The government of Queensland, which previously administered the monoclonal antibody for compassionate use, sent multiple doses of the experimental therapy to India.
In 2010, the antibody was given to the Government of Queensland, Australia, for compassionate use, when it was feared that a mother and her 12-year-old daughter’s exposure to their Hendra-virus-infected horse could lead to life-threatening illness. Hendra virus is closely related to Nipah virus. Australian officials petitioned the Uniformed Services University (USU), which worked with HJF’s technology transfer team to deliver the antibody that was administered to the mother and daughter.
HJF worked with USU, the National Institutes of Health and Australian authorities to transfer the antibody to Brisbane’s Princess Alexandra Hospital. The team then helped negotiate an agreement for the transfer of the monoclonal antibody cell line to Queensland Health to produce and stockpile the therapy for future compassionate use. The m102.4 was successfully tested in a Phase 1 clinical safety trial in Queensland.
Dr. Christopher Broder of the Department of Microbiology and Immunology at USU, in collaboration with Dr.
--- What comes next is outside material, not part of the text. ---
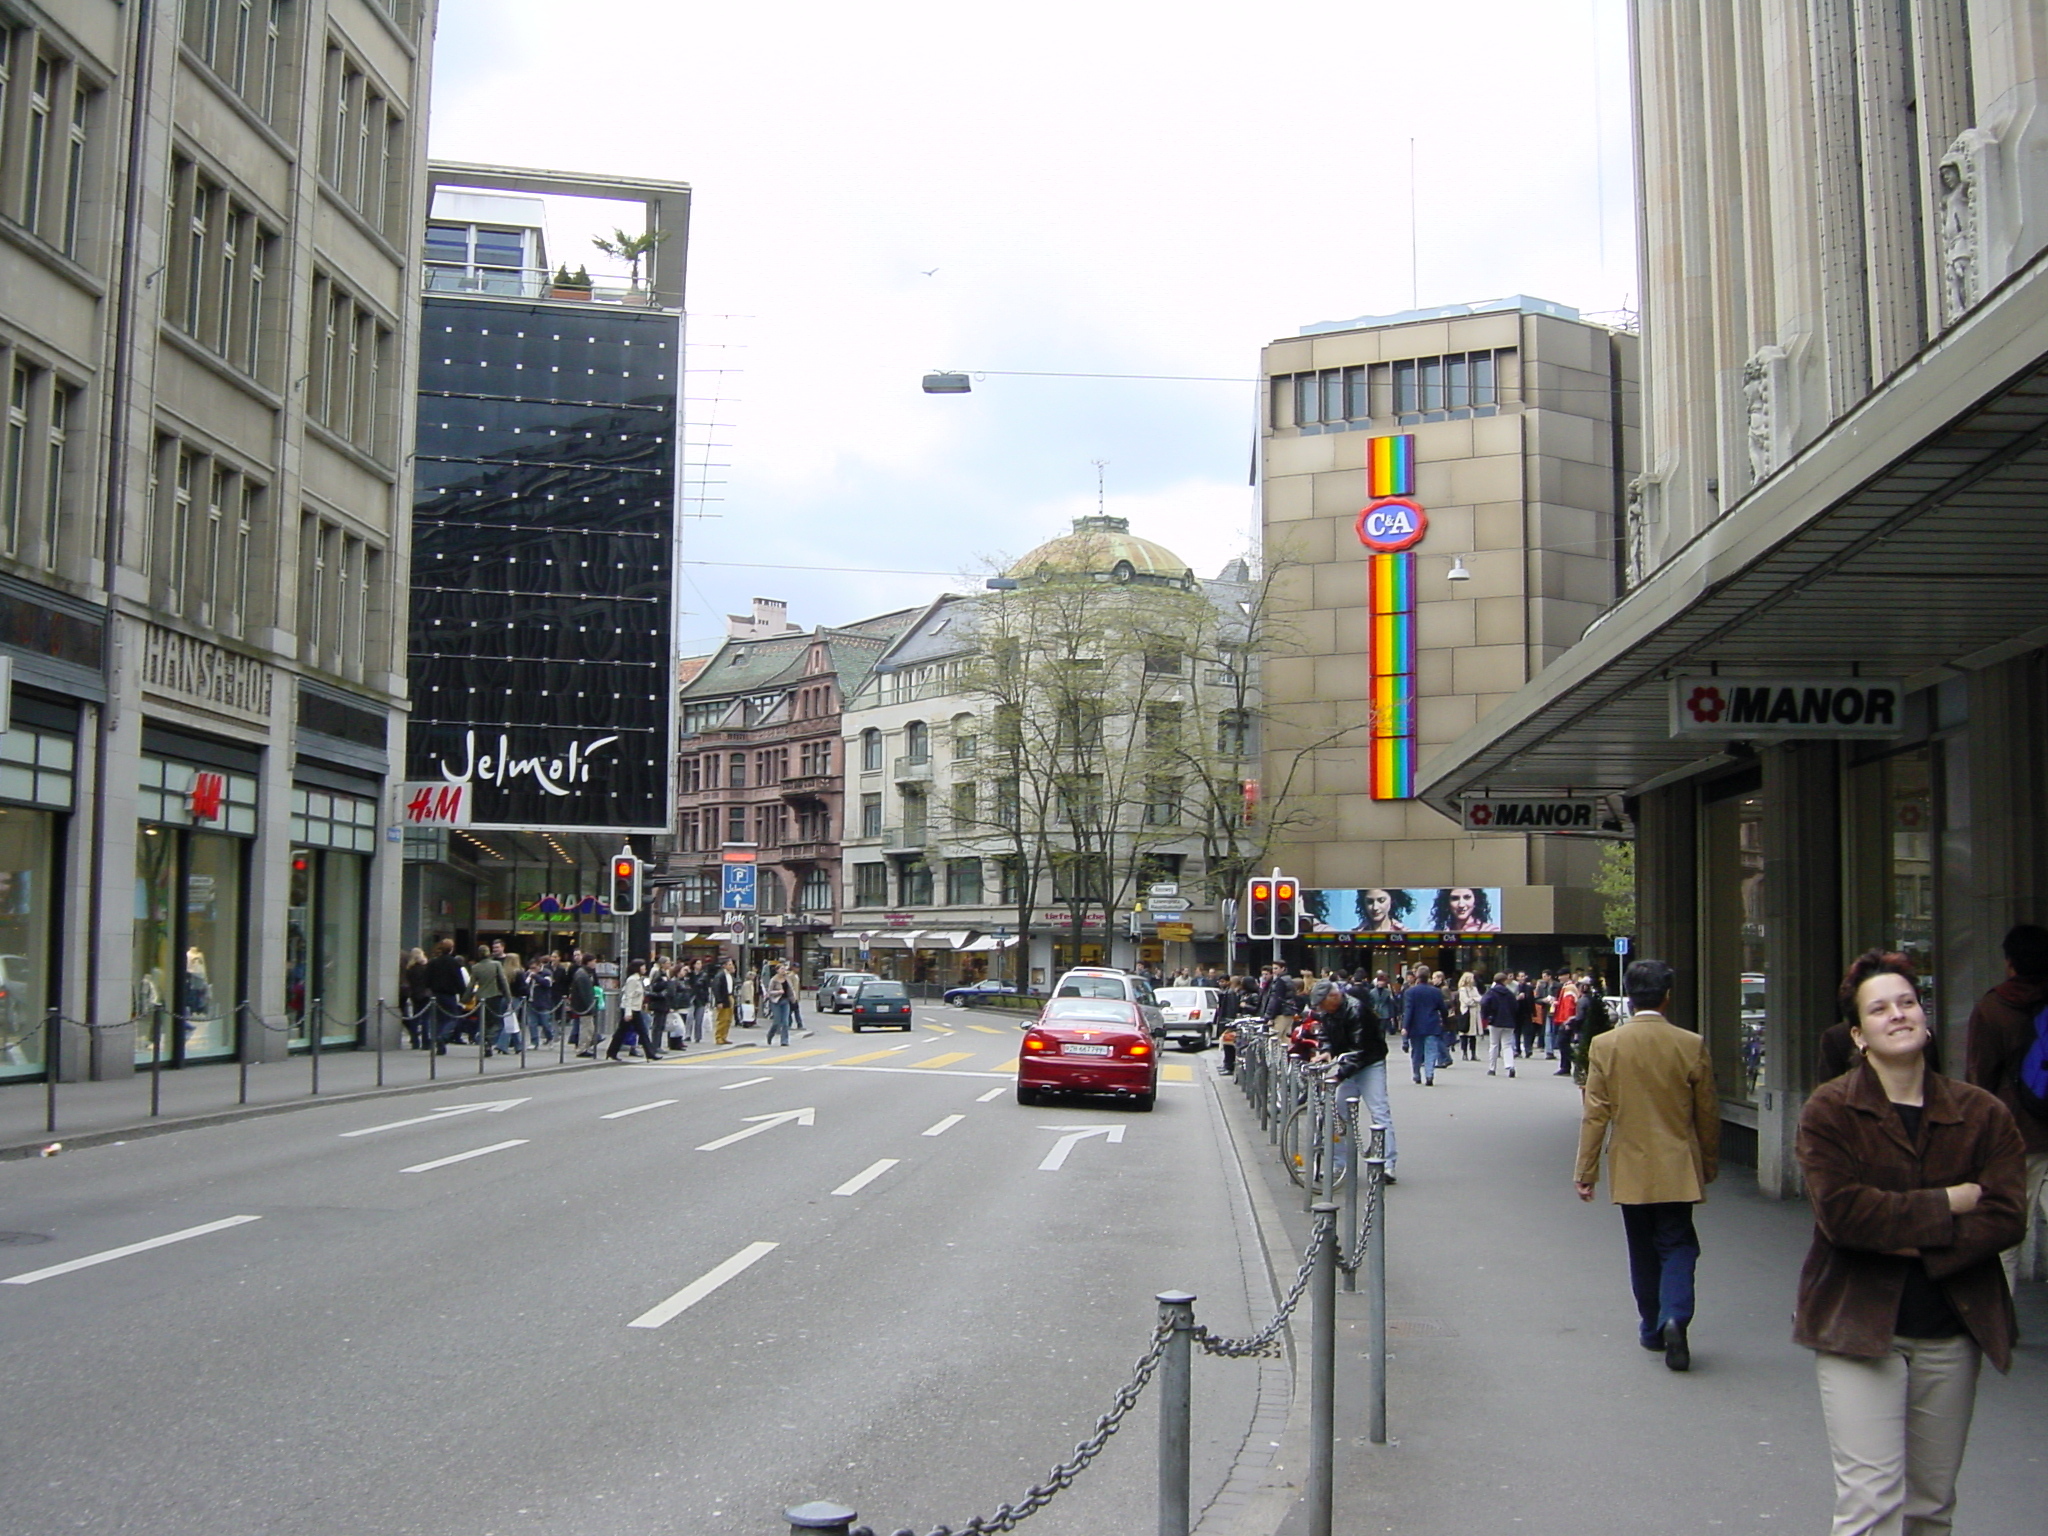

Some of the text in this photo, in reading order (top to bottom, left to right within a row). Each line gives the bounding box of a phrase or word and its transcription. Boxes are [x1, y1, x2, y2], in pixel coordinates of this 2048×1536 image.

Dimiter Dimitrov, formerly of the National Institutes of Health and now a professor at the University of Pittsburgh, previously developed the antibody that was tested in several animal models to show its efficacy in Nipah and Hendra virus infections.
“HJF is pleased to be able to facilitate the transfer of the experimental m102.4 human monoclonal antibody from Queensland for human compassionate use in India in patients infected with Nipah virus and potentially exposed to Nipah virus in this outbreak, as it is the only known treatment for this deadly disease,” said Mark G. Scher, Ph.D., HJF’s director of Technology Transfer and Commercialization.